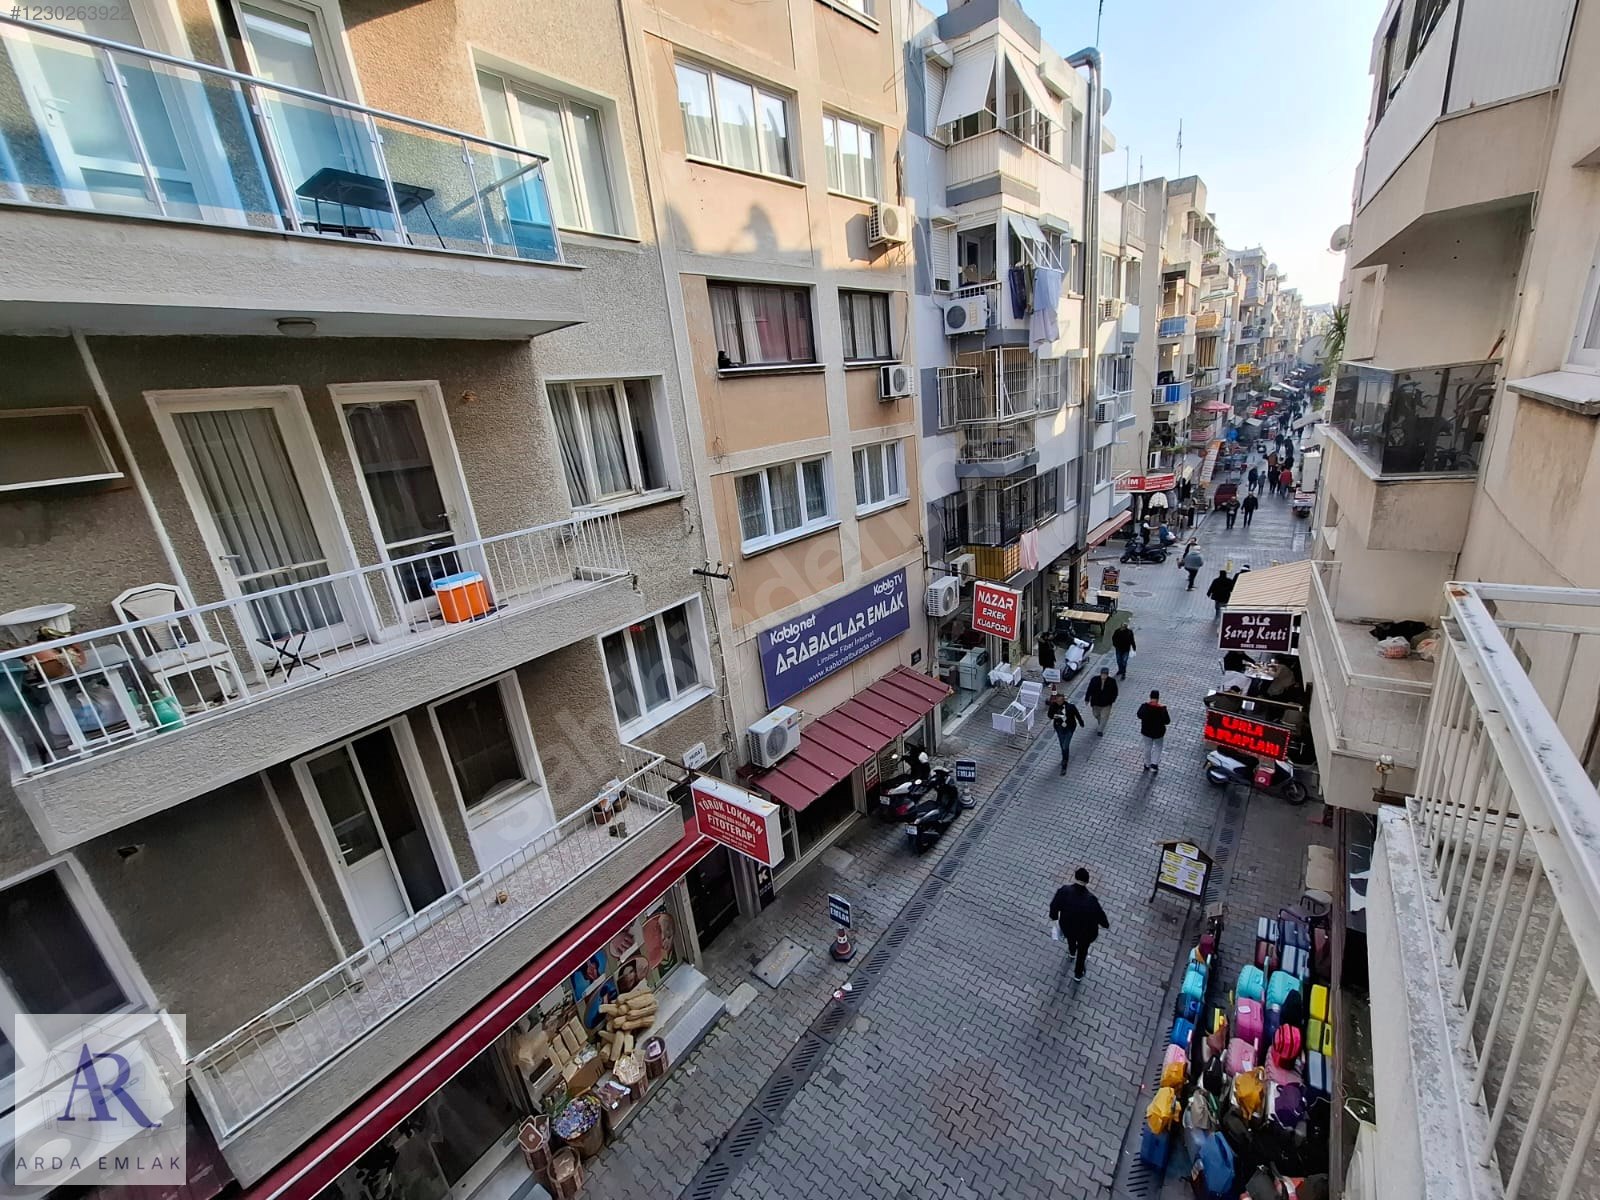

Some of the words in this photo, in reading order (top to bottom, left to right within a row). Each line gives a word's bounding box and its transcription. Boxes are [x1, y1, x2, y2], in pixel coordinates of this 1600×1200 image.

[977, 590, 1014, 611] NAZAR
[982, 607, 1007, 621] ERKEK
[775, 611, 866, 676] ARABACILAR
[867, 591, 905, 627] EMLAK
[1224, 625, 1255, 643] Şarap
[1256, 626, 1288, 641] Kenti
[726, 804, 764, 835] LOKMAN
☆ ☆ ☆ ☆
* [Problem to work on]:
Exact copy, no images: rewrite the entire listing above.

* [Exercise output]:
Some of the words in this photo, in reading order (top to bottom, left to right within a row). Each line gives a word's bounding box and its transcription. Boxes are [x1, y1, x2, y2], in pixel coordinates of this 1600×1200 image.

[977, 590, 1014, 611] NAZAR
[982, 607, 1007, 621] ERKEK
[775, 611, 866, 676] ARABACILAR
[867, 591, 905, 627] EMLAK
[1224, 625, 1255, 643] Şarap
[1256, 626, 1288, 641] Kenti
[726, 804, 764, 835] LOKMAN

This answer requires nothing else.